Within our Science curriculum, pupils have the opportunity to explore the world in which we live and teachers encourage pupils to do this through first-hand experience where possible. The most important scientific concepts and knowledge have been identified and carefully sequenced through the curriculum in ‘chunks’ to ensure pupils can build on prior knowledge and make connections between ideas making learning more meaningful. Key questions have been created to provide opportunities for scientific enquiry and develop curiosity and excitement within topics. To ensure learning is processed into the long-term memory regular low steak quizzes are used to revise and recall key knowledge.
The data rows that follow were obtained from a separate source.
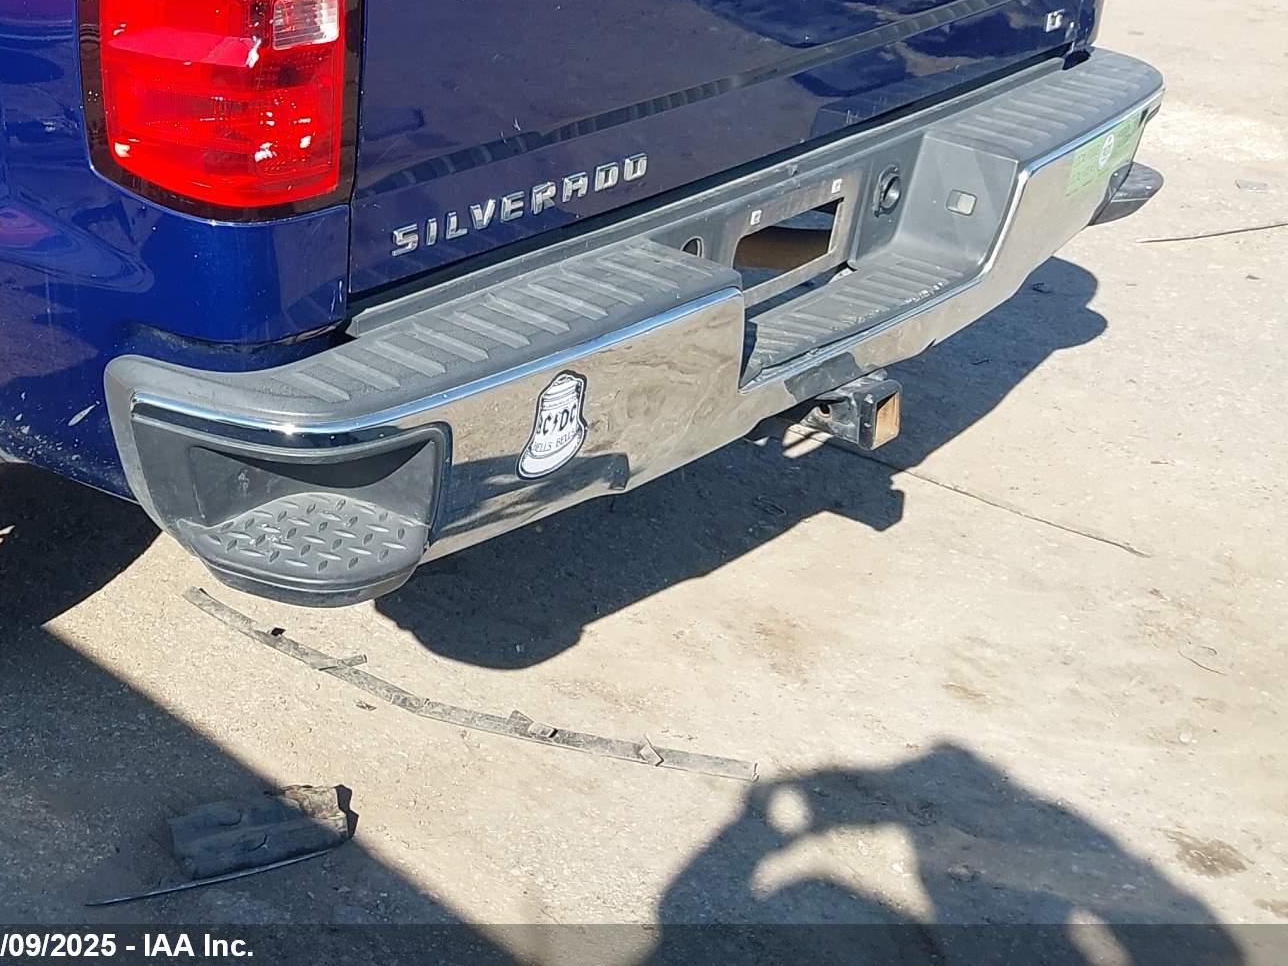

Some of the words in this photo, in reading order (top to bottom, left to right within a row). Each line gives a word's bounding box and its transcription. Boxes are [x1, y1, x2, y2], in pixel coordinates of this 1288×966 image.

[392, 152, 649, 256] SILVERADO
[532, 440, 553, 452] HELLS
[555, 430, 577, 448] BELLS
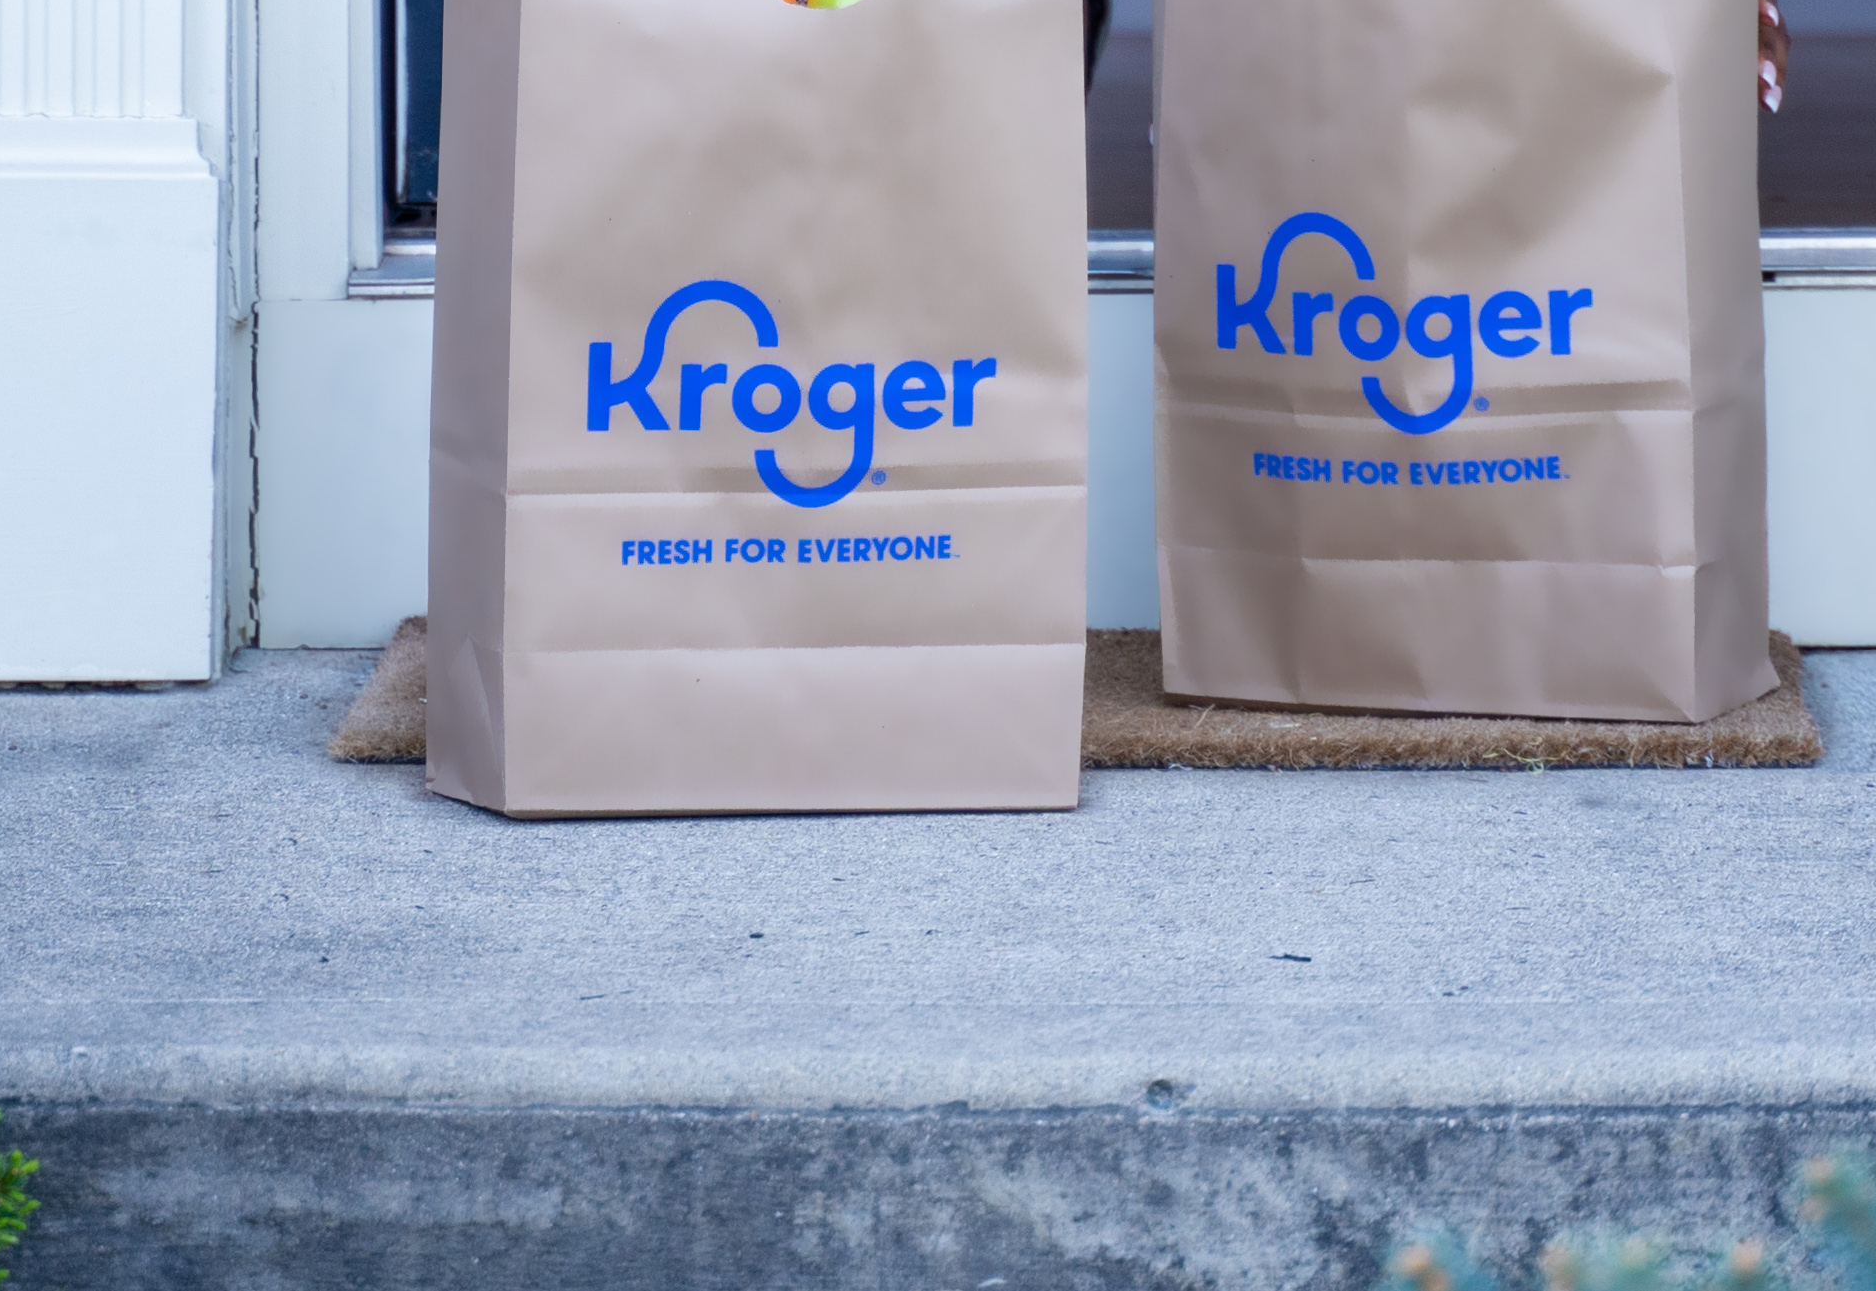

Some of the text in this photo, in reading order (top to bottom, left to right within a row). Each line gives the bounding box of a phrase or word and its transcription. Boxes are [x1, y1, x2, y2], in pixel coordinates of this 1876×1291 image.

[1215, 211, 1594, 436] Kroger
[586, 278, 998, 509] Kroger
[1252, 451, 1562, 486] FRESH FOR EVERYONE
[621, 533, 960, 566] FRESH FOR EVERYONE
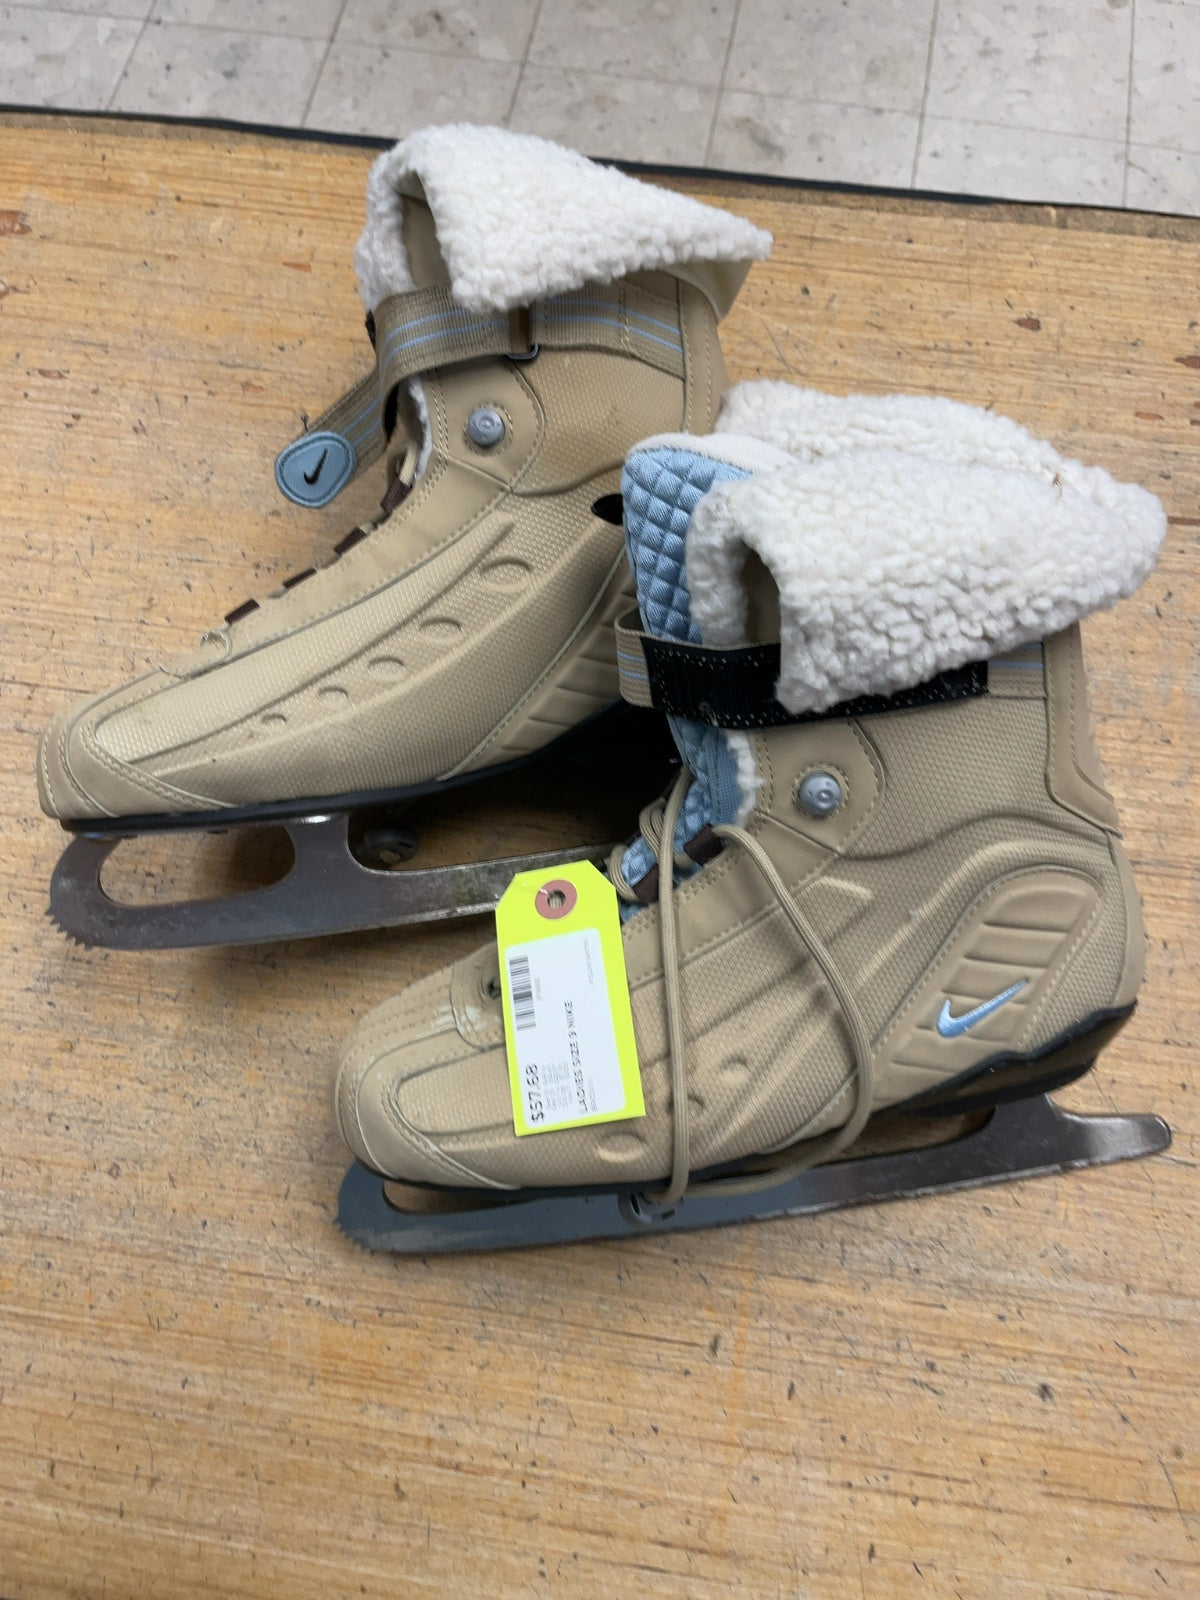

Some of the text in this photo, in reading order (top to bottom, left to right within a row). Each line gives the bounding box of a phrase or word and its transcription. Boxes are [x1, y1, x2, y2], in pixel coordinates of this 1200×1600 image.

[564, 1000, 575, 1028] NIKE
[570, 1040, 581, 1066] SIZE
[574, 1069, 588, 1113] LADIES
Embedded across the curriculum are not only opportunities for children to develop scientific theory, but also chances for them to work scientifically to understand how theories are established, tested and revised through practical investigations and leads of enquiry. They are taught how science can be used to explain what is occurring through observations, predict how things will behave, collect and record data and evaluate and analyse causes.


For example, Year 5 children explore the effects of air resistance by observing the way in which a parachute descends. They test different materials and compare their effectiveness, recording and analysing data. This provides a deeper understanding of the physics governing real life objects such as aeroplanes, boats and cars and the materials and shapes which ensure these perform successfully.


The curriculum is progressive, including substantive knowledge, topics and skills that pupils must learn to accelerate later learning and deepen their understanding of concepts. For example when looking at the human body, they are introduced to their body parts and senses in KS1, building upon this in Lower Key Stage Two when exploring the Skeleton and digestive system and then further deepening their knowledge in upper Key Stage Two when exploring the circulatory system. They build up a detailed picture of how the human body functions and is kept healthy throughout their time at St Luke’s. Our aim is for our pupils to leave St Luke’s with a strong knowledge of key concepts within science across biology, chemistry and physics that will provide firm foundations to continue their understanding within secondary school.


We also aim to provide the foundation for a range of diverse and valuable careers that are crucial for economic, environmental and social development and inspire our pupils to take a keen interest in these.


We make increasing use of high-quality non-fiction texts to further enhance the learning experience. For example, year groups throughout Key Stage 1 and 2 frequently dip into the 'Big Book Series' by Yuval Zommer. The books are captivating and visually stunning introductions to a whole range of scientific topics. Using fascinating non-fiction texts throughout our curriculum, we aim for our pupils to develop a deeper understanding of a topic through reading and writing.

Have a look on Twitter at the fantastic science work going on at St Luke's: #Stlukesburywidercurriculum

RECOVERY CURRICULUM – COVID 19 (September 2021 latest update)


Throughout school closures, Science was prioritised as a core subject for remote learning and was taught through live lessons within each year group across KS1 and KS2. However, we recognise that learning will have been lost due to the pandemic.


Since returing to school in March 2021, summative assessment informed teachers of specific topics within the Science curriculum that needed reinforcing or teaching in more detail. A bespoke curriculum was then created to enable these gaps in knowledge to be addressed and for children to have opportunities to explore key knowledge and concepts in more depth.


Teaching Science remotely meant that opportunites for children to work scientifically were very limited. Throughout the Summer term of 2021, teachers planned ample opportunities for children to use enquiry skills within practical investigations. This will continue to be a priority within Science sessions for children to experience and practise first-hand such skills.